[[ Data section open ]]

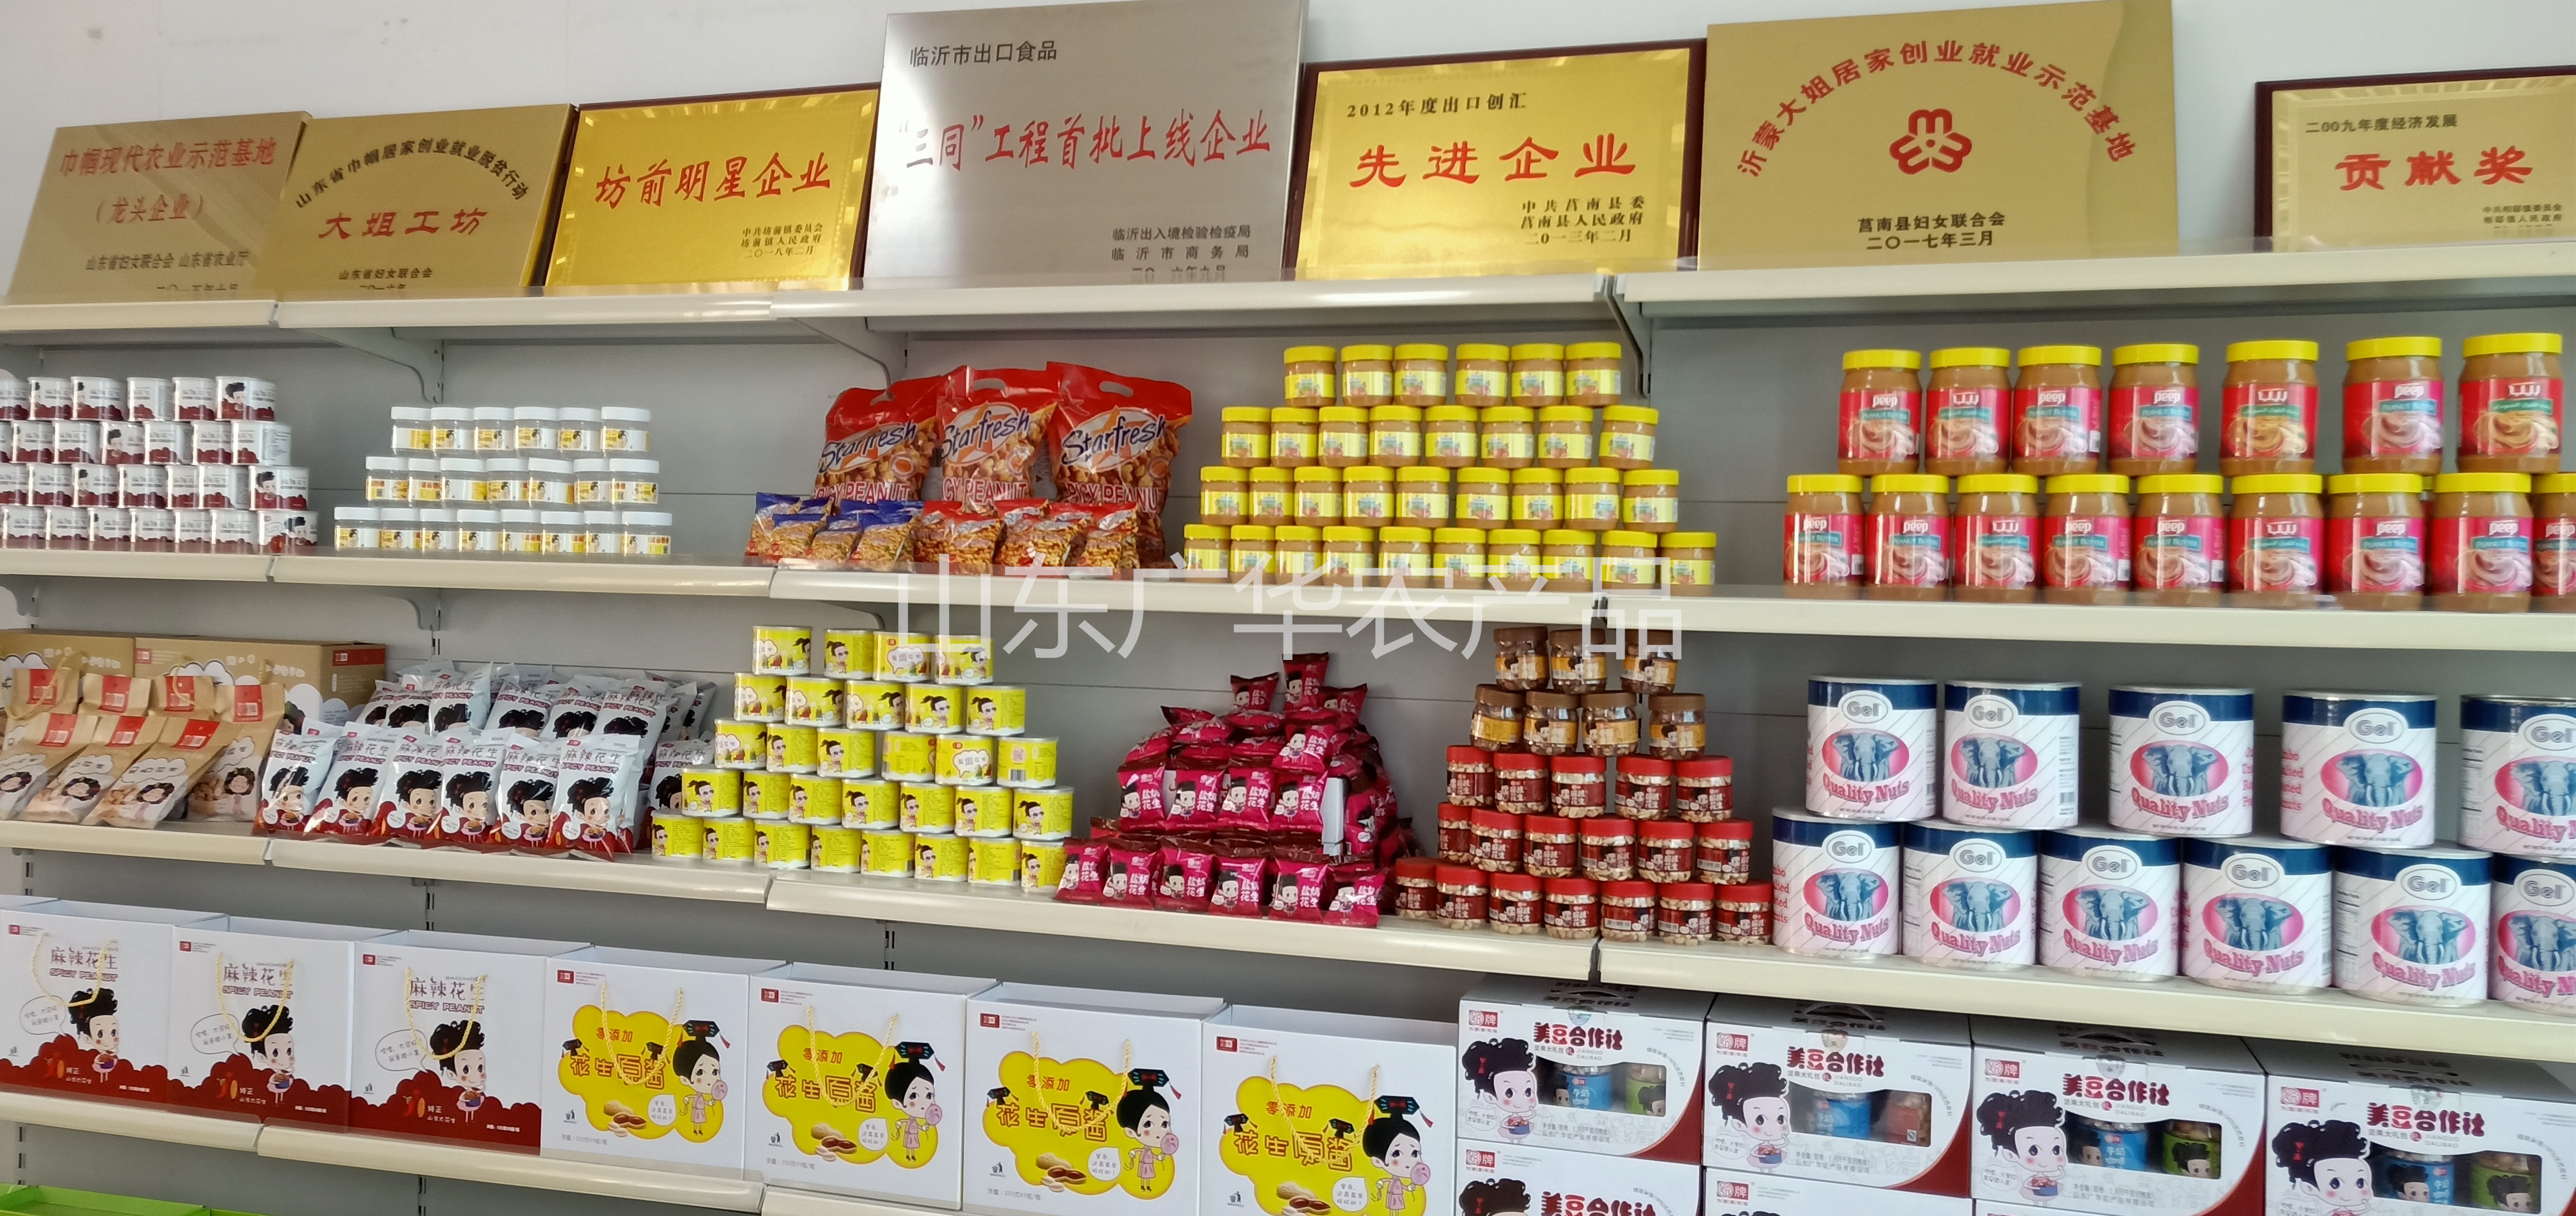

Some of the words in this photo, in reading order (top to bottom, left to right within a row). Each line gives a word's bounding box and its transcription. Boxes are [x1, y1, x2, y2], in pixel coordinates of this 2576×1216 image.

[909, 40, 1058, 67] 临沂市出口食品
[1347, 92, 1527, 118] 2012年度出口创汇
[1737, 40, 2136, 178] 沂蒙大姐居家创业就业示范基地
[60, 136, 277, 177] 巾帼现代农业示范基地
[1349, 132, 1636, 188] 先进企业
[295, 137, 529, 208] 山东省巾帼居家创业就业脱贫行动
[2334, 145, 2533, 191] 贡献奖
[595, 152, 831, 209] 坊前明星企业
[318, 208, 487, 239] 大姐工坊
[742, 222, 823, 238] 中共坊前镇委员会
[1521, 212, 1644, 229] 莒南县人民政府
[1858, 211, 2006, 234] 莒南县妇女联合会
[741, 234, 822, 248] 坊前镇人民政府
[1112, 224, 1251, 241] 临沂出入境检验检疫局
[86, 253, 174, 270] 山东省妇女联合会
[1112, 244, 1249, 262] 临沂市商务局
[339, 267, 433, 280] 山东省妇女联合会
[941, 410, 1030, 459] Starfresh
[1062, 415, 1166, 465] Starfresh
[818, 421, 916, 473] Starfresh
[845, 481, 911, 503] PEANUT
[1846, 701, 1881, 718] Gel
[1972, 705, 2006, 723] Gel
[2158, 712, 2197, 729] Gel
[2356, 719, 2396, 737] Gel
[399, 743, 440, 758] 麻辣花
[415, 757, 442, 766] PEANU
[1822, 773, 1873, 805] Quality
[1875, 780, 1910, 802] Nuts
[1952, 779, 1999, 813] Quality
[2000, 786, 2038, 810] Nuts
[2131, 789, 2191, 822] Quality
[2192, 794, 2229, 820] Nuts
[2323, 799, 2389, 833] Quality
[2390, 804, 2424, 830] Nuts
[2496, 806, 2566, 841] Quality
[1831, 841, 1865, 857] Gel
[1959, 849, 1995, 866] Gel
[2092, 856, 2129, 874] Gel
[2231, 864, 2270, 882] Gel
[2407, 875, 2450, 894] Gel
[1804, 912, 1858, 944] Quality
[1860, 917, 1889, 942] Nuts
[1931, 922, 1987, 956] Quality
[1988, 927, 2021, 952] Nuts
[50, 946, 118, 970] 麻辣花生
[2063, 929, 2122, 965] Quality
[2123, 936, 2158, 962] Nuts
[2204, 938, 2265, 976] Quality
[2266, 949, 2304, 974] Nuts
[49, 968, 77, 978] SPICY
[224, 962, 292, 986] 麻辣花生
[2373, 952, 2440, 989] Quality
[2441, 961, 2476, 989] Nuts
[222, 986, 251, 996] SPICY
[410, 976, 484, 1000] 麻辣花生
[409, 1000, 439, 1010] SPICY
[596, 1027, 633, 1043] 零添加
[803, 1048, 842, 1064] 零添加
[1027, 1075, 1069, 1091] 零添加
[1266, 1101, 1312, 1119] 零添加
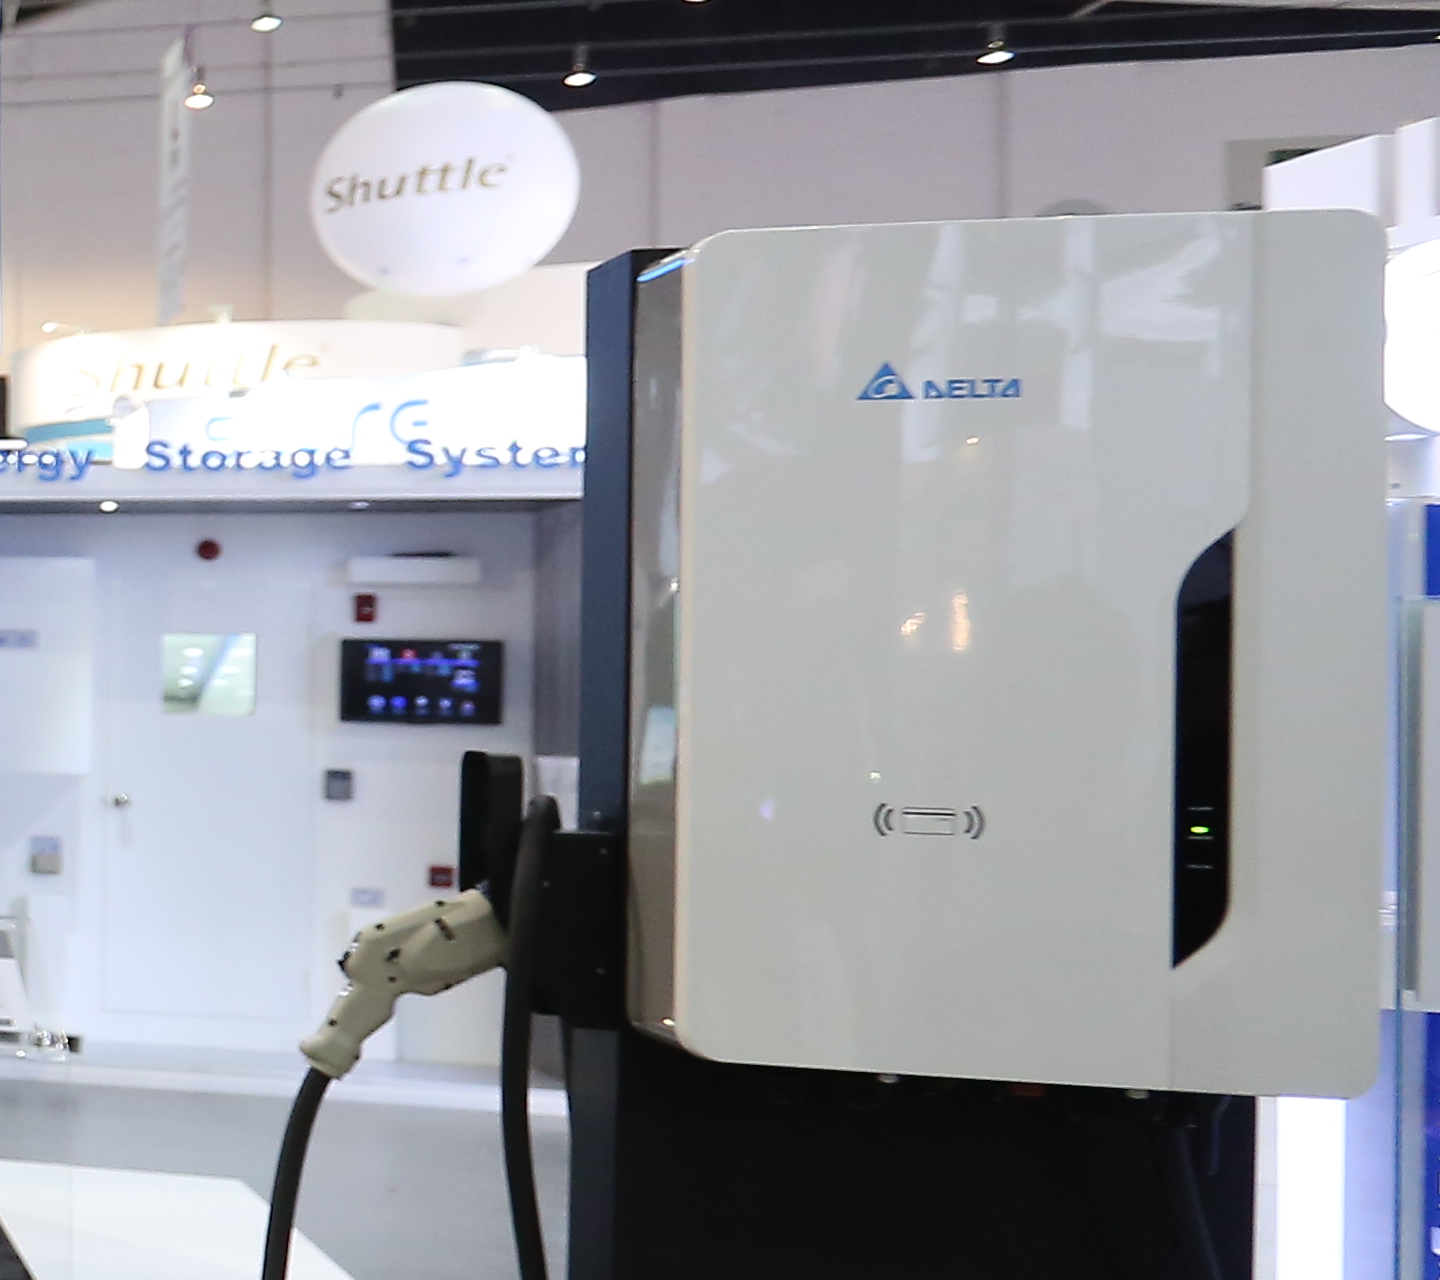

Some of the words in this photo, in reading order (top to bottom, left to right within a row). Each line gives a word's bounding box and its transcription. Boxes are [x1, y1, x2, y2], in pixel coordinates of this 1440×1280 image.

[323, 156, 509, 215] Shuttle
[920, 375, 1023, 400] DELTA
[143, 440, 352, 482] Storage
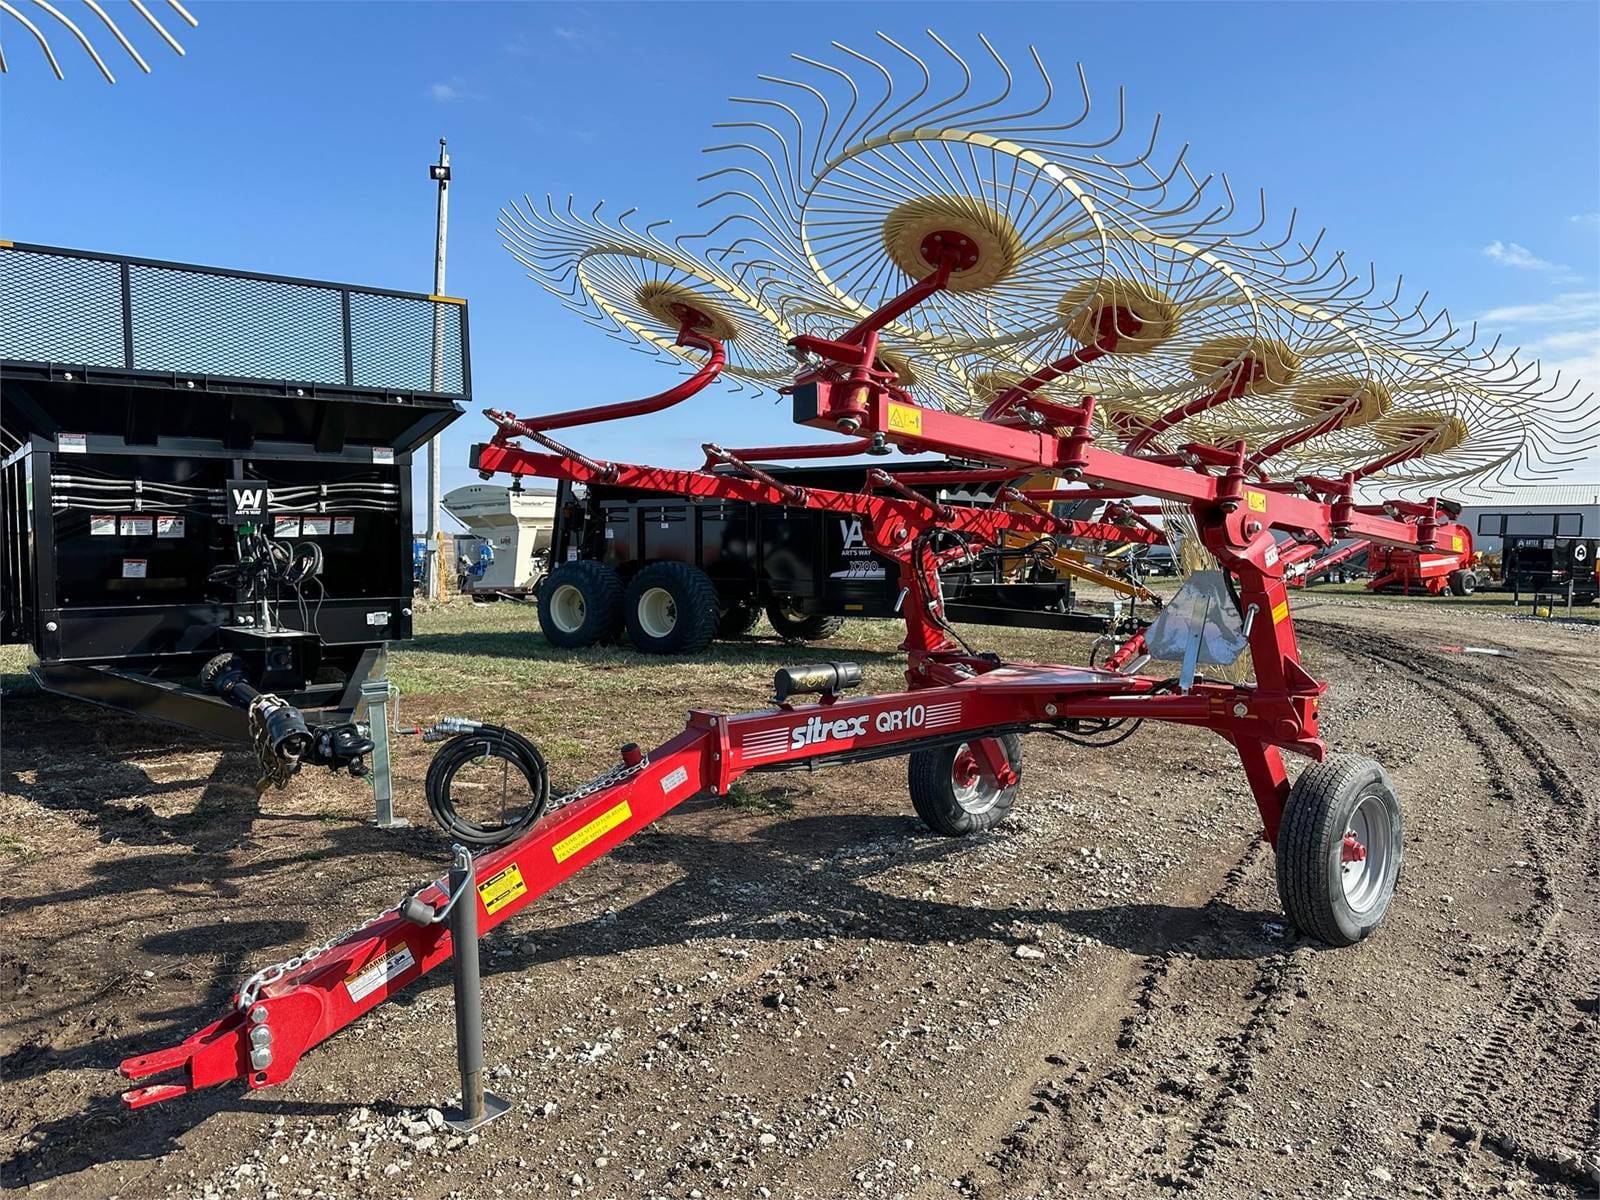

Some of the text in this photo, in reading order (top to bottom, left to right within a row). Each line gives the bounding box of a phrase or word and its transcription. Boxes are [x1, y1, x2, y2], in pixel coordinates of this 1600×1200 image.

[850, 560, 878, 572] X700
[791, 704, 925, 750] sitrex QR10
[363, 949, 396, 973] WARNING
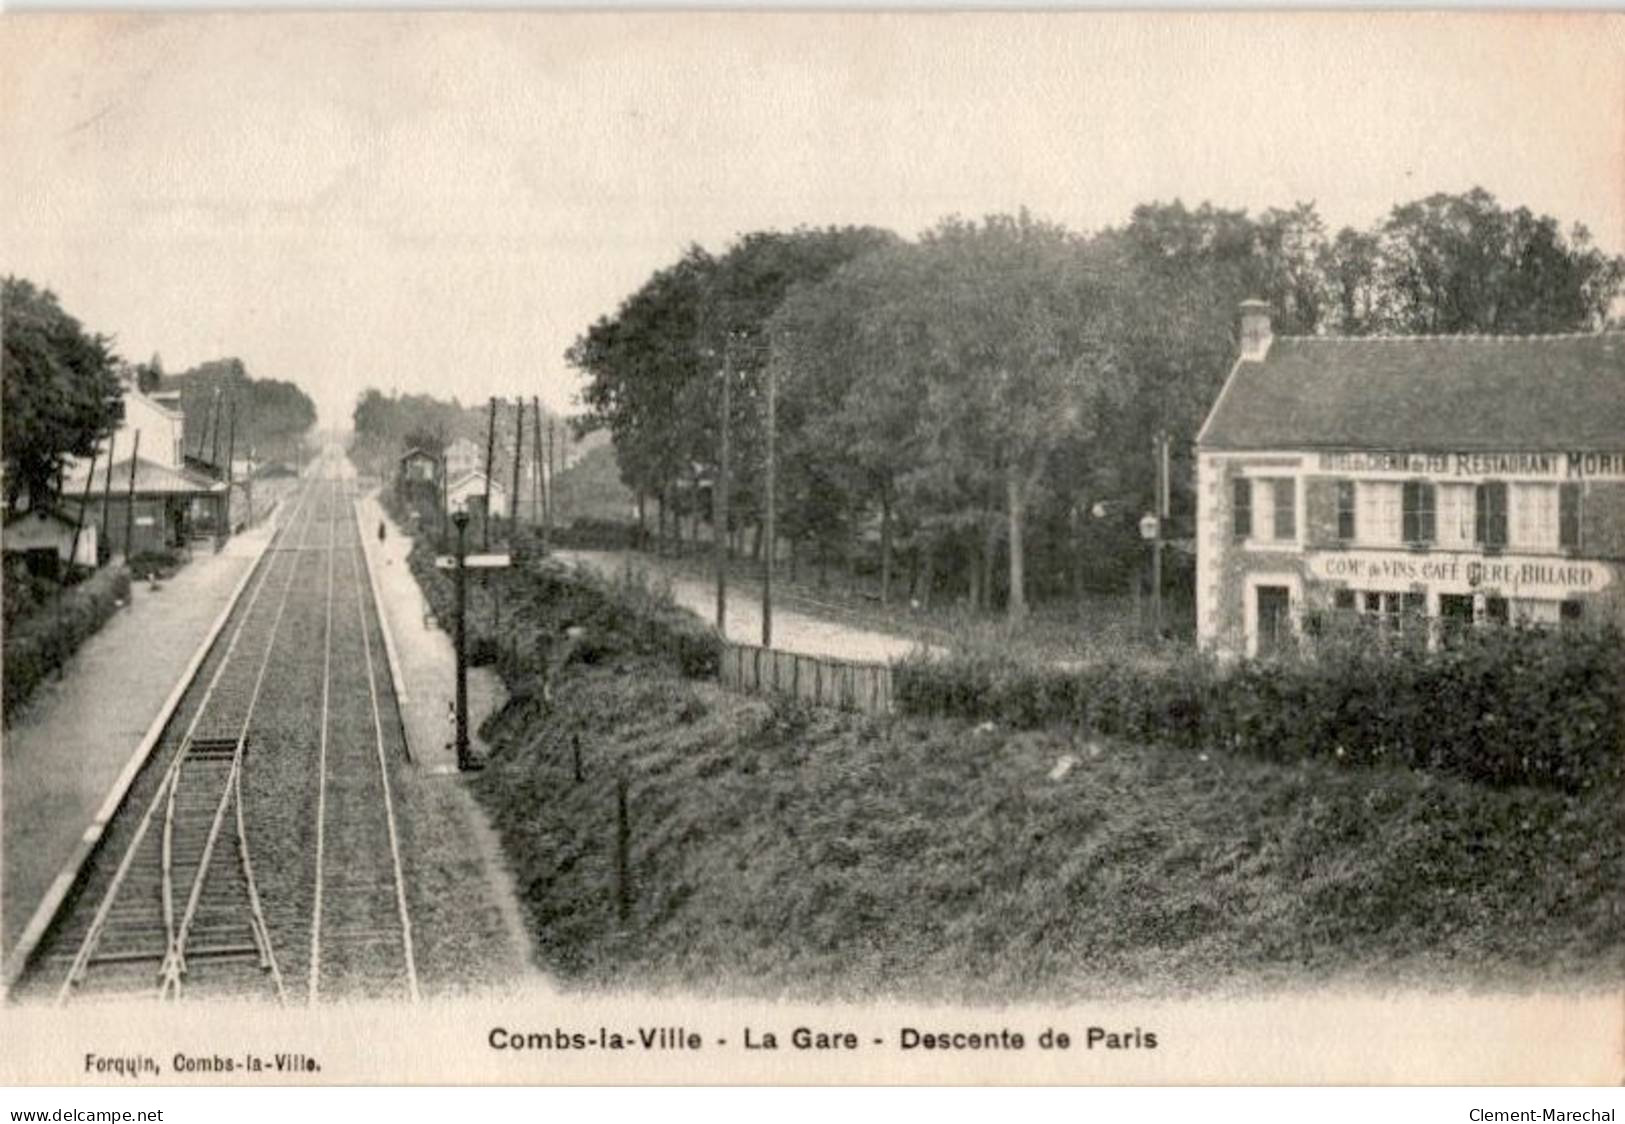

[[ Data section closed ]]

What to produce. Set down only the lines from the one with "this 1440×1280 image." through the end of the entries, exactly as they appear, leaving out each picture.

Output below.
Some of the words in this photo, in reading order (top to bottom, left to right within a row). Each line gives a word's bounding box and its transcription. Boxes are [x1, y1, x2, y2], in pixel coordinates of this 1440×1280 image.

[323, 156, 509, 215] Shuttle
[920, 375, 1023, 400] DELTA
[143, 440, 352, 482] Storage

Some of the text in this photo, in reading order (top to bottom, left to right within a row). Each line gives the bounding box of a phrase or word and its transcription. Boxes are [x1, y1, x2, y2], in pixel coordinates of this 1600×1200 image.

[850, 560, 878, 572] X700
[791, 704, 925, 750] sitrex QR10
[363, 949, 396, 973] WARNING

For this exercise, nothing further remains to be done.